Elevated intracranial pressure induces IL‑1β and IL‑18 overproduction via activation of the NLRP3 inflammasome in microglia of ischemic adult rats.

Elevated intracranial pressure (ICP) is one of the most common complications following an ischemic stroke, and has implications for the clinical and neurological outcomes. The aim of the present study was to examine whether elevated ICP may increase IL‑1β and IL‑18 secretion by activating the NOD‑like receptor protein 3 (NLRP3) inflammasome in microglia of ischemic adult rats. Sprague‑Dawley rats that underwent middle cerebral artery occlusion were used for assessment of ICP. Reactive oxygen species (ROS) production was detected, and western blotting and immunofluorescence staining were used to determine the expression levels of Caspase‑1, gasdermin D‑N domains (GSDMD‑N), IL‑1β and IL‑18 in microglial cells. ICP levels were significantly increased, which was accompanied by ROS overproduction, in the brain tissue following ischemia‑reperfusion (IR) injury in rats. Treatment with 10% hypertonic saline by intravenous injection significantly reduced the ICP and ROS levels of the rats. Furthermore, high pressure (20 mmHg) combined with oxygen‑glucose deprivation (OGD) treatment resulted in increased ROS production in BV‑2 microglial cells compared with those subjected to OGD treatment alone in vitro. Elevated pressure upregulated the expression of Caspase‑1, GSDMD‑N, IL‑18 and IL‑1β in IR‑treated or OGD‑treated microglia both in vivo and in vitro.
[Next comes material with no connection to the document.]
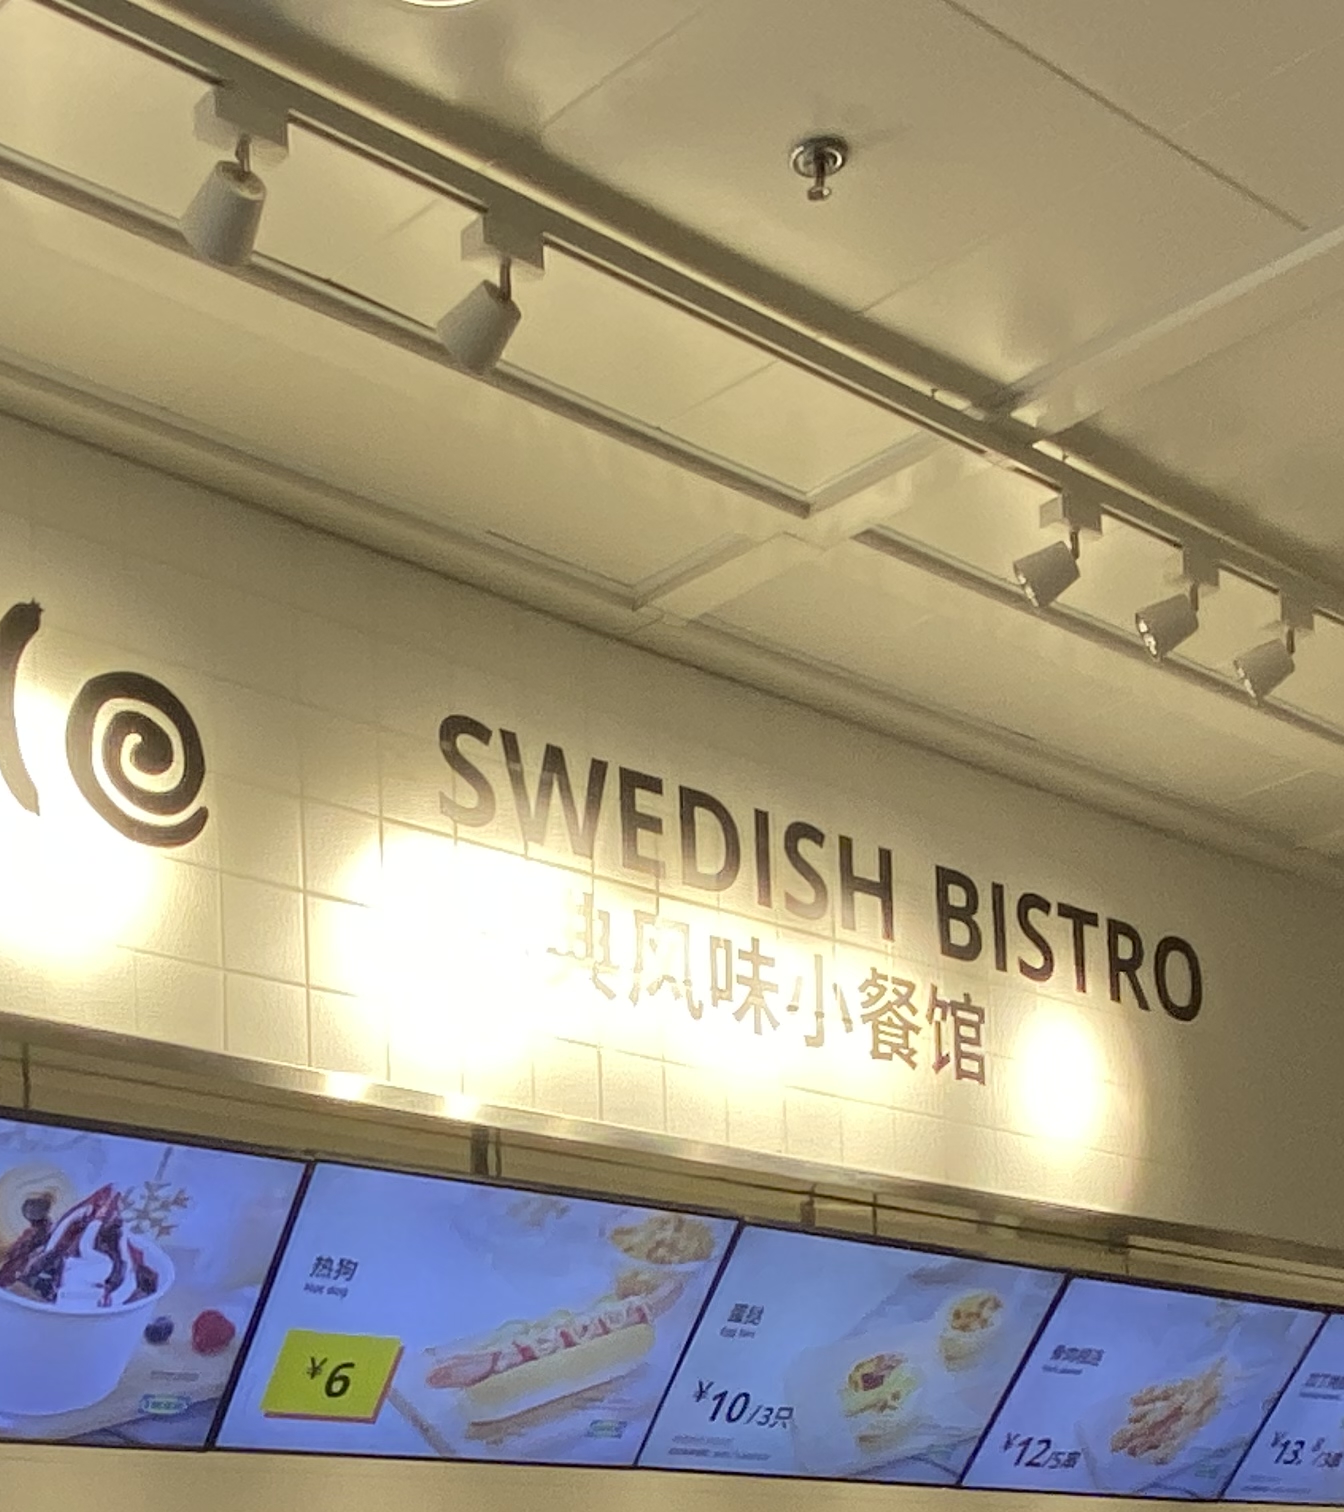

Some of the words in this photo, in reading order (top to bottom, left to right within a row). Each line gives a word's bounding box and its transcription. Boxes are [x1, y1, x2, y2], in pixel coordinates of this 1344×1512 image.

[438, 714, 895, 942] SWEDISH
[934, 864, 1203, 1023] BISTRO
[546, 890, 987, 1086] 典风味小餐馆
More importantly, Caspase‑1, GSDMD‑N, IL‑18 and IL‑1β expression in microglia was significantly downregulated when elevated pressure was reduced or removed. These results suggested that elevated ICP‑induced IL‑1β and IL‑18 overproduction via activation of the NLRP3 inflammasome by ischemia‑activated microglia may augment neuroinflammation.